* PROBLEM TO SOLVE: Pictures aside, the data must be reproduced exactly.
***
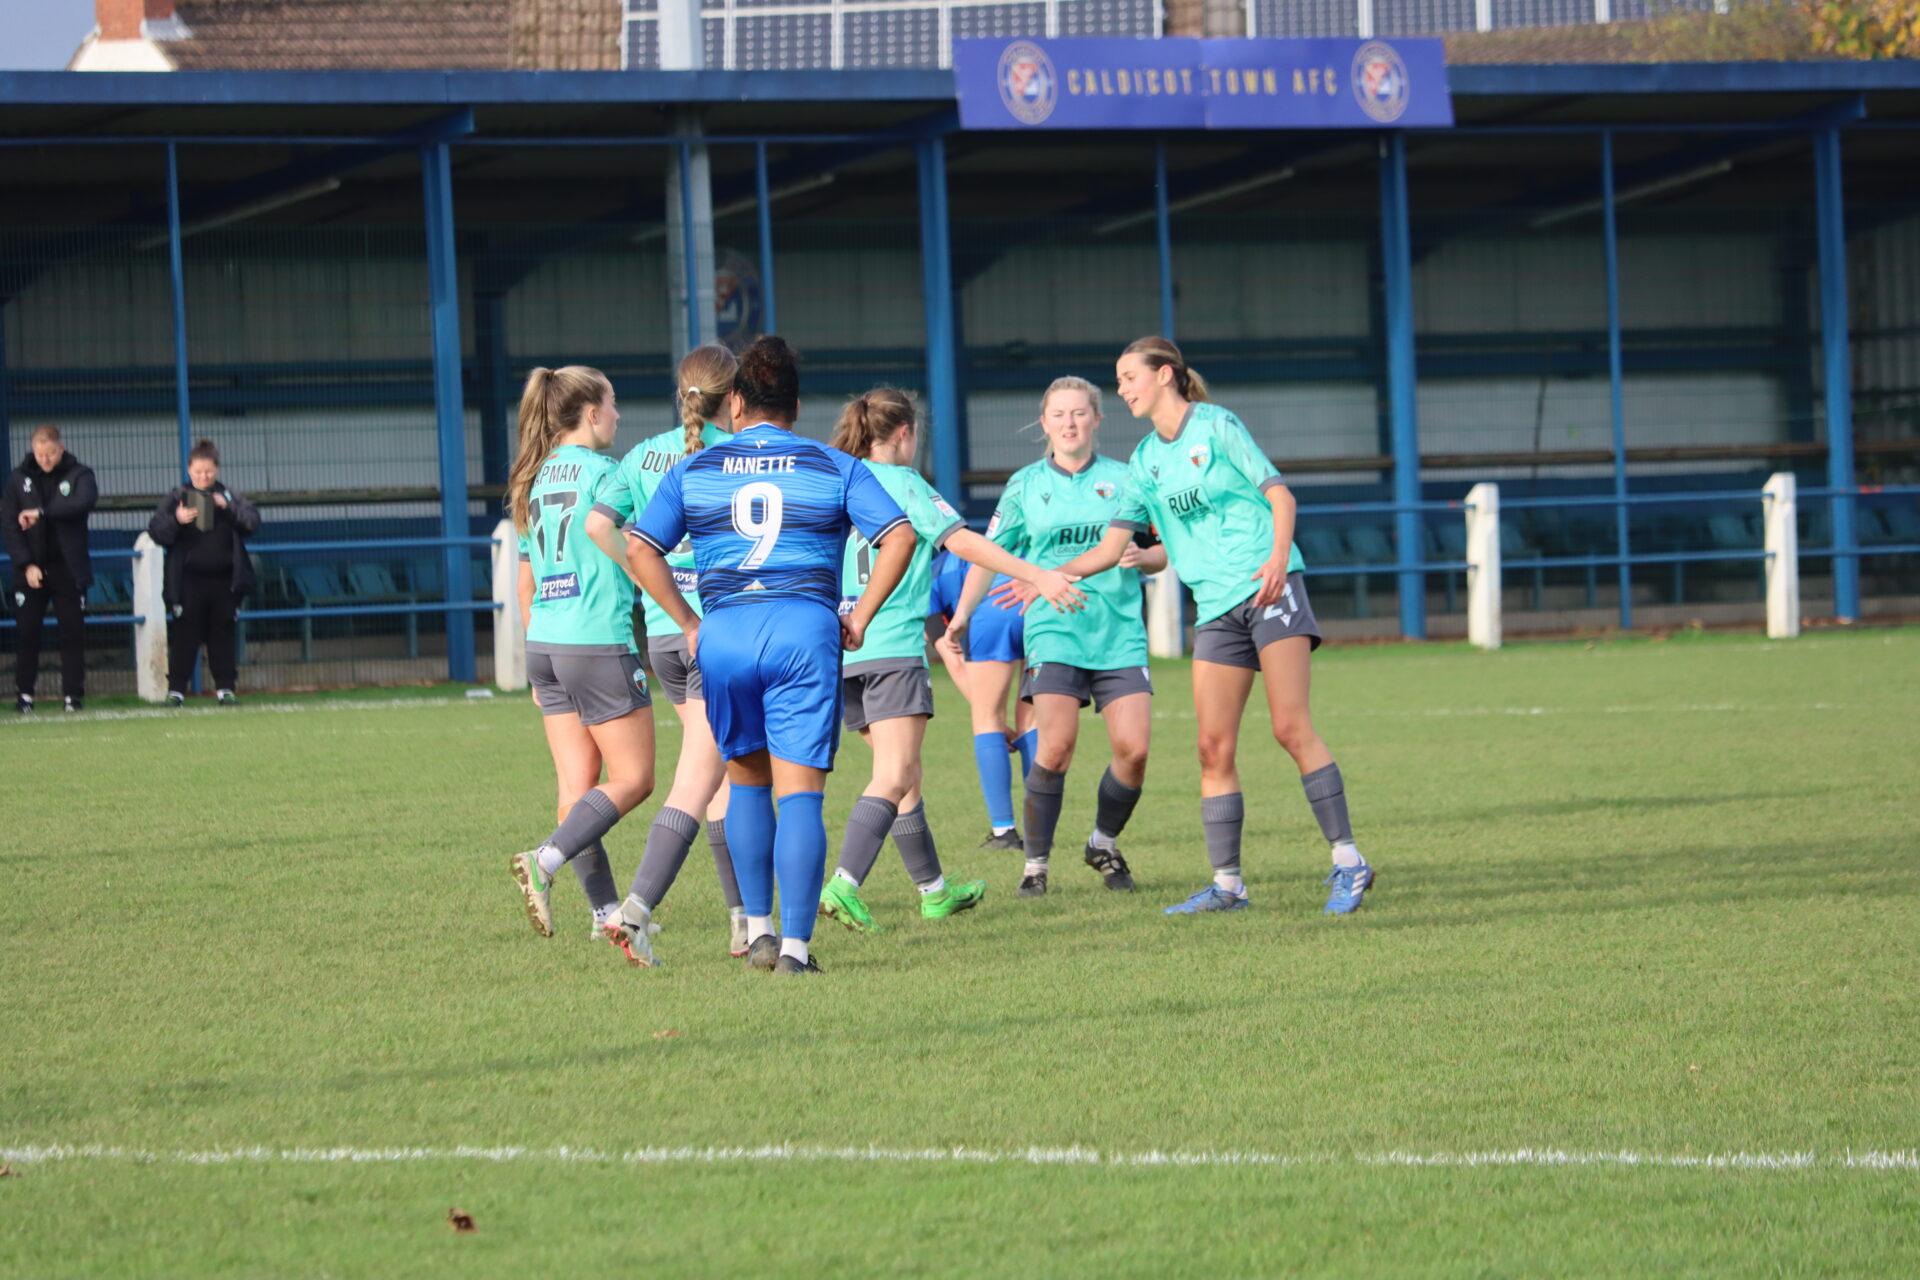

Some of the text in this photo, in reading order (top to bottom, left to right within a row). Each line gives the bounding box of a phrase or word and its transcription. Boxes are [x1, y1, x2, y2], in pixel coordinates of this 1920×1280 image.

[1067, 68, 1338, 96] CALDICOT TOWN AFC
[641, 450, 687, 473] DUN
[722, 456, 796, 475] NANETTE
[1168, 488, 1203, 516] RUK
[731, 482, 783, 570] 9
[1059, 524, 1104, 544] RUK
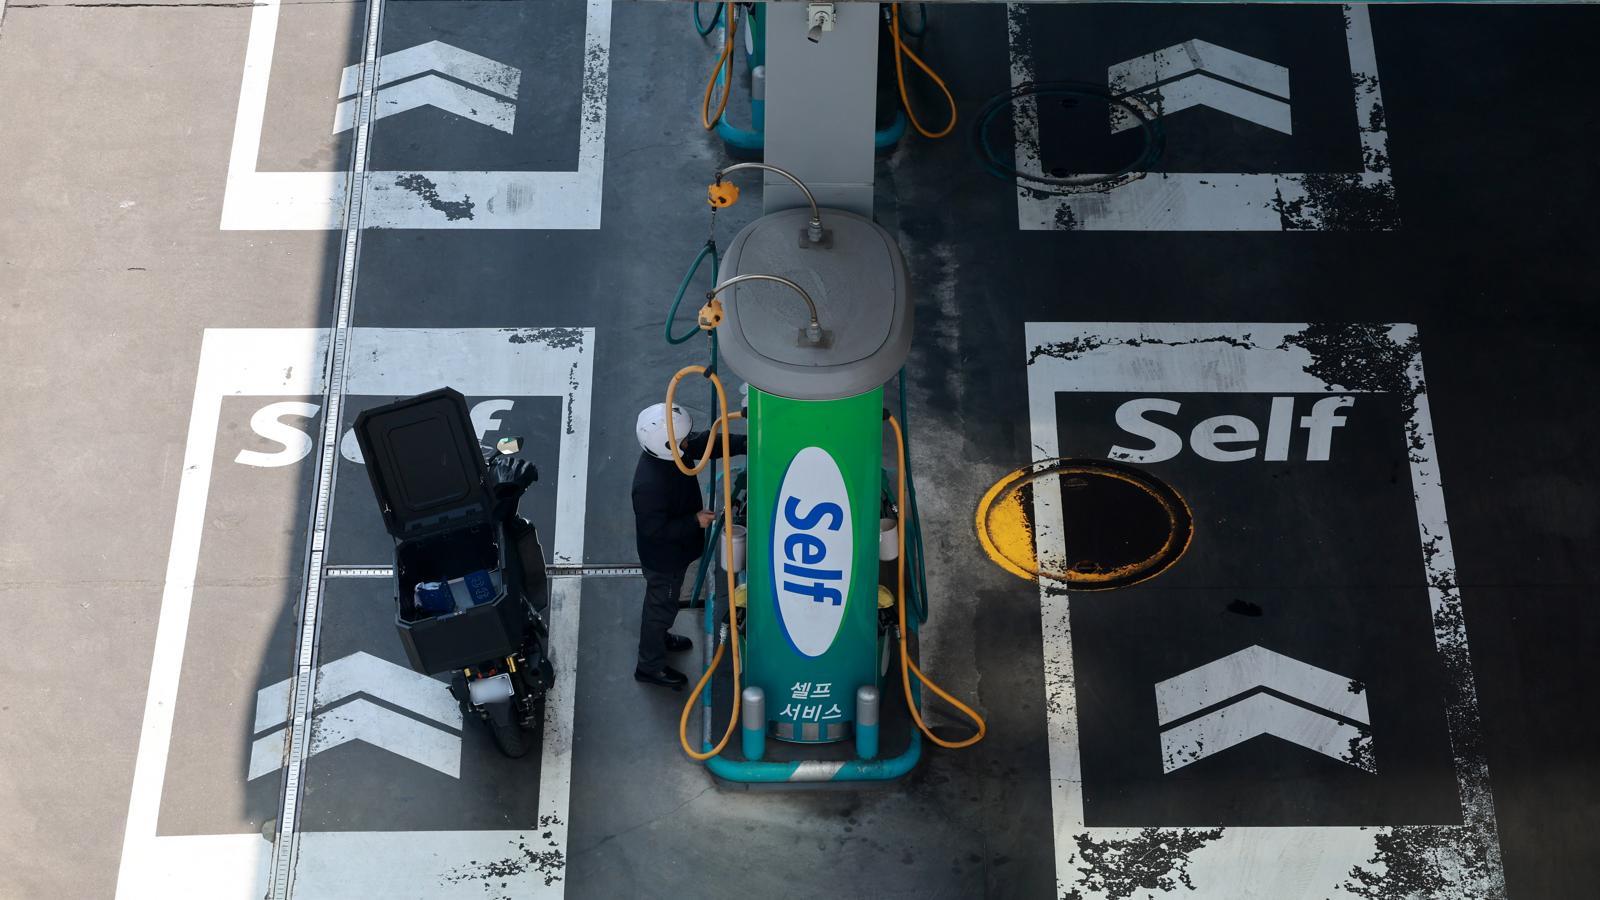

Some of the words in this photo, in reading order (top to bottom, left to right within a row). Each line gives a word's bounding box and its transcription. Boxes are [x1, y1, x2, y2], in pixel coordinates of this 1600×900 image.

[234, 399, 514, 468] Sf
[1108, 396, 1355, 463] Self
[784, 496, 843, 605] Self
[780, 704, 842, 722] 서비스
[791, 682, 832, 699] 셀프
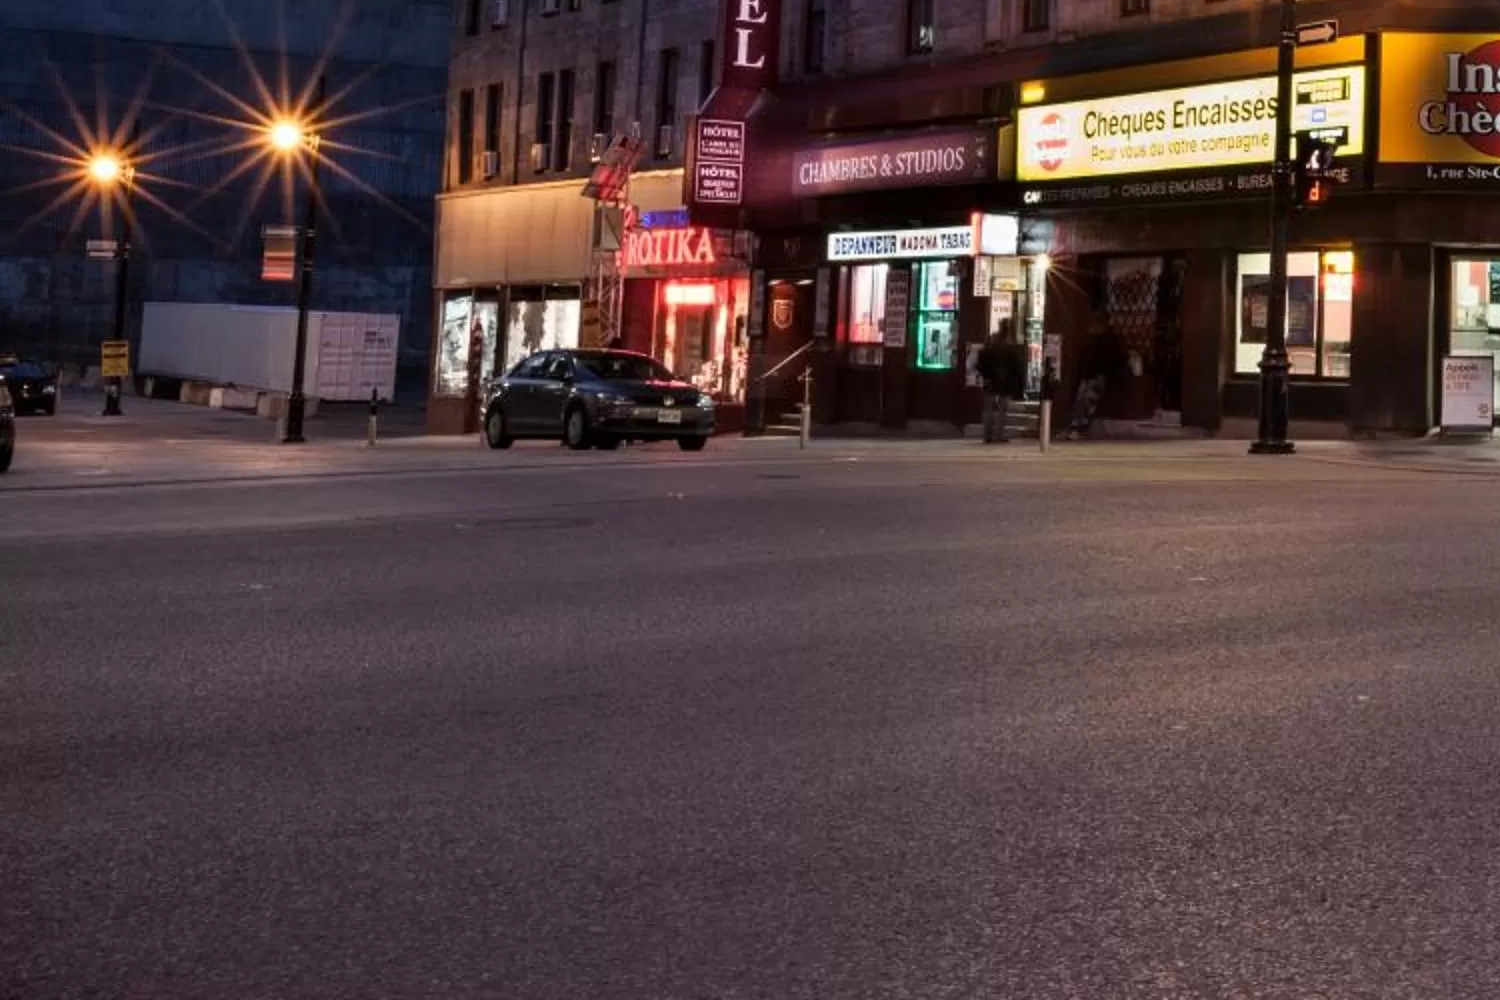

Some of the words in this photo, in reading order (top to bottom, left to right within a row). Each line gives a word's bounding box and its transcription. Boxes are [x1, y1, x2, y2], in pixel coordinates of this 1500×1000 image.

[700, 166, 738, 179] HÔTEL
[799, 155, 877, 185] CHAMBRES
[879, 153, 894, 178] &
[895, 147, 965, 176] STUDIOS
[1237, 173, 1274, 190] BUREA
***
* RESULT OF THIS TASK:
Some of the text in this photo, in reading order (top to bottom, left to right within a row). Each line gives the bounding box of a phrase or word and its transcription. Boxes are [x1, y1, x2, y2], in pixel coordinates of this 1920×1280 image.

[1067, 68, 1338, 96] CALDICOT TOWN AFC
[641, 450, 687, 473] DUN
[722, 456, 796, 475] NANETTE
[1168, 488, 1203, 516] RUK
[731, 482, 783, 570] 9
[1059, 524, 1104, 544] RUK

Some of the words in this photo, in reading order (top to bottom, left to right within a row). Each line gives a word's bounding box and its transcription. Boxes are [x1, y1, x2, y2], in pixel coordinates of this 1600×900 image.

[234, 399, 514, 468] Sf
[1108, 396, 1355, 463] Self
[784, 496, 843, 605] Self
[780, 704, 842, 722] 서비스
[791, 682, 832, 699] 셀프

Some of the words in this photo, in reading order (top to bottom, left to right within a row). Each line gives a word's bounding box and its transcription. Boxes are [x1, y1, x2, y2], in pixel coordinates of this 1500×1000 image.

[700, 166, 738, 179] HÔTEL
[799, 155, 877, 185] CHAMBRES
[879, 153, 894, 178] &
[895, 147, 965, 176] STUDIOS
[1237, 173, 1274, 190] BUREA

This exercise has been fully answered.